── Records provided
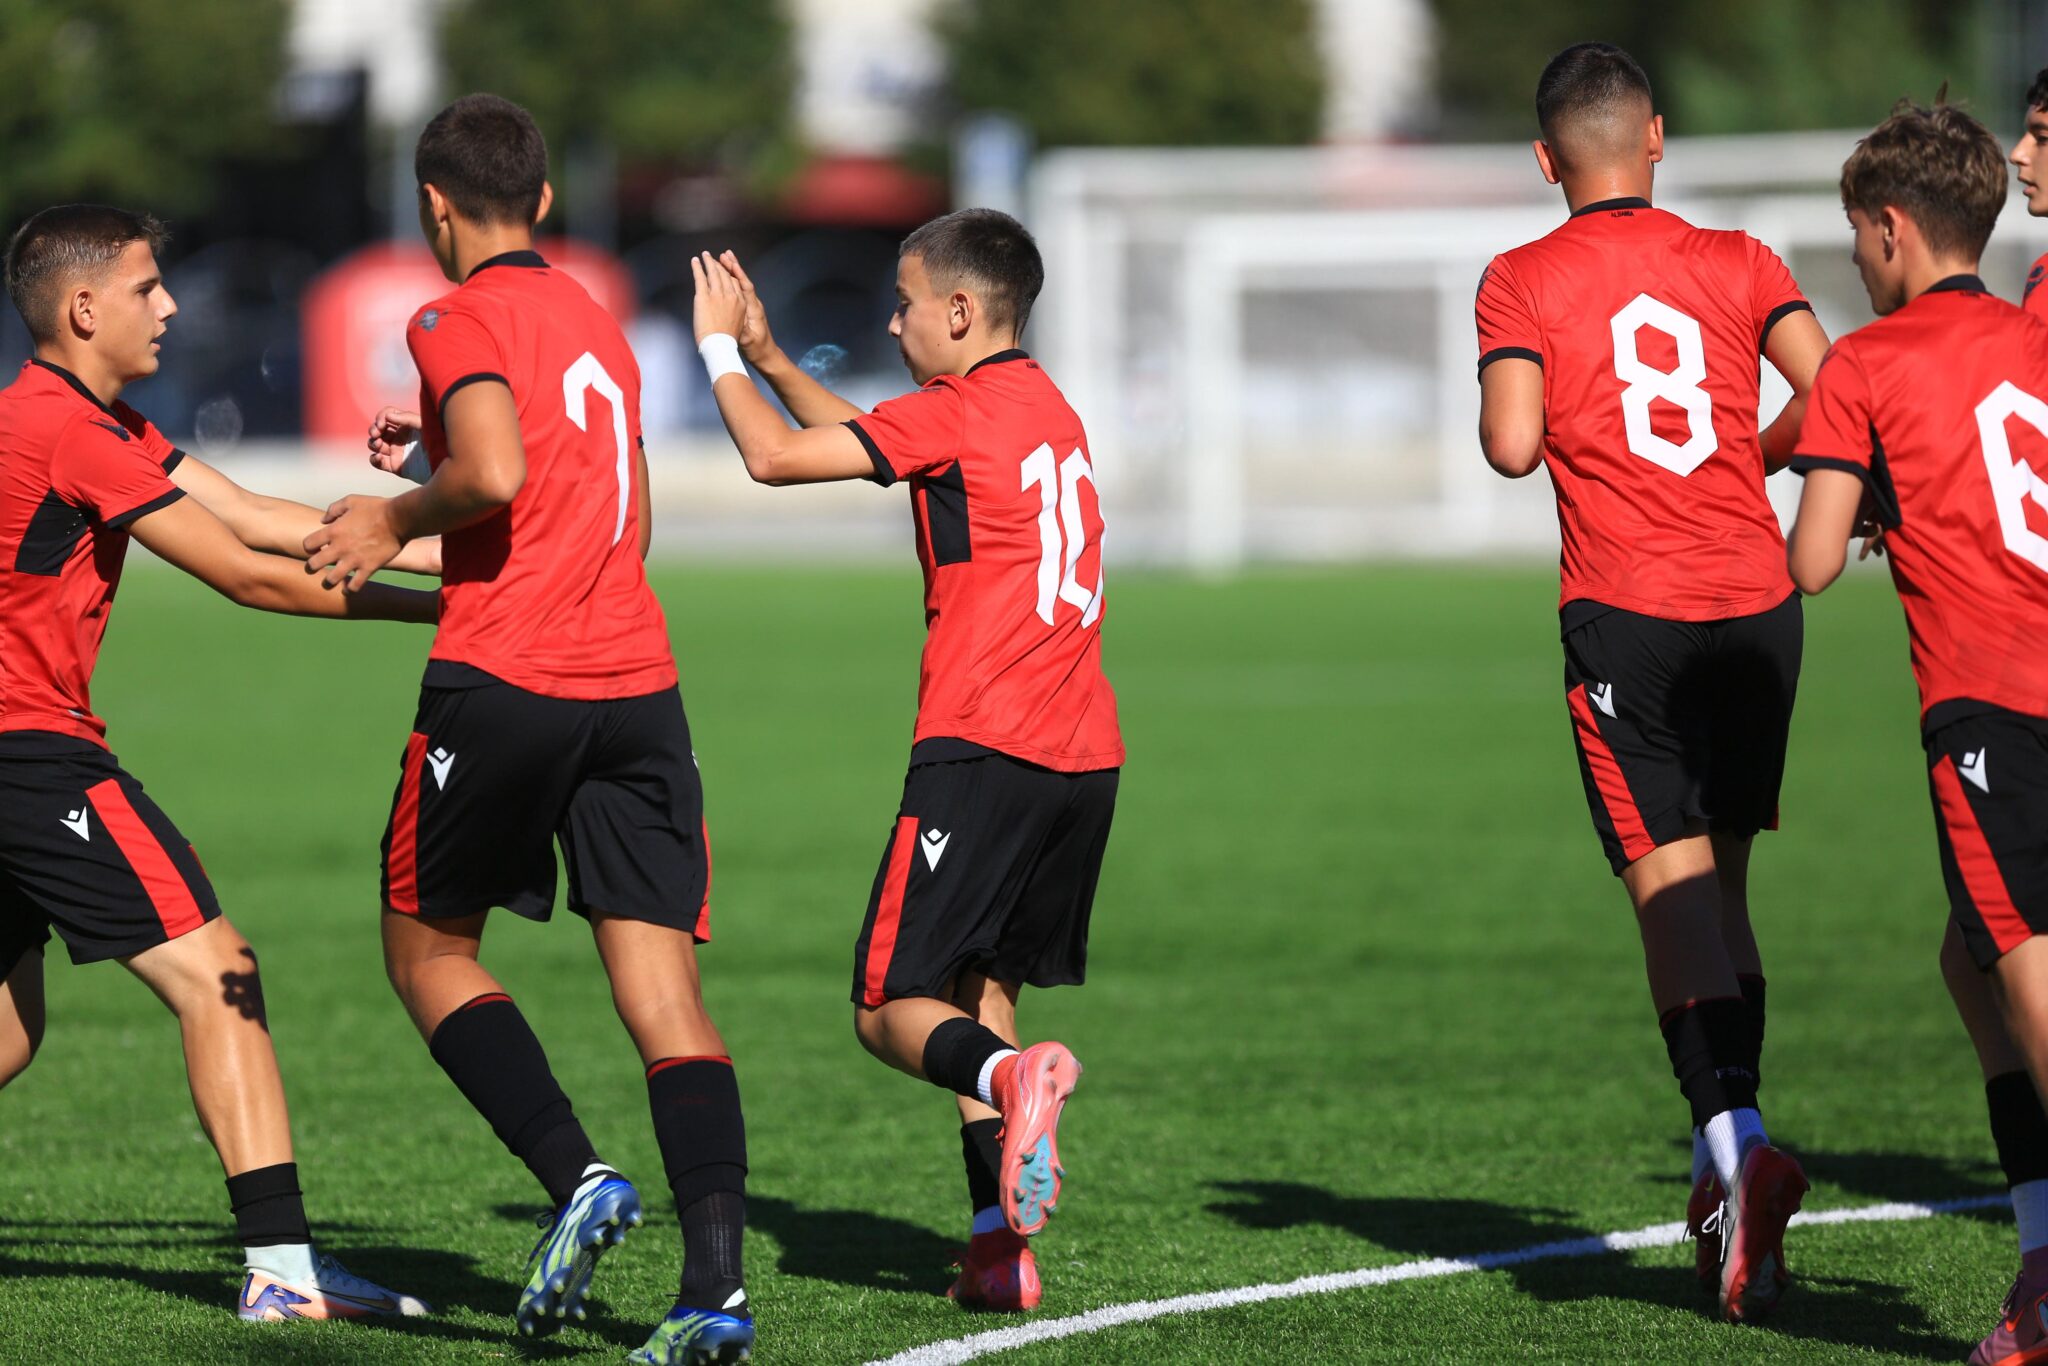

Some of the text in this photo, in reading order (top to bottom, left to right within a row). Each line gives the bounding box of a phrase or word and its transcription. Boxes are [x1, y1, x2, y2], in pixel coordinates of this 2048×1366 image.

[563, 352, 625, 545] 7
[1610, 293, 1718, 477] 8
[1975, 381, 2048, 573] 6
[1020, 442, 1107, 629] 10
────
§ What is expected: Make an exact copy of the records above, one that has none of the pictures.

§ Answer box:
Some of the text in this photo, in reading order (top to bottom, left to right within a row). Each line gives the bounding box of a phrase or word and its transcription. Boxes are [x1, y1, x2, y2], in pixel coordinates of this 2048×1366 image.

[563, 352, 625, 545] 7
[1610, 293, 1718, 477] 8
[1975, 381, 2048, 573] 6
[1020, 442, 1107, 629] 10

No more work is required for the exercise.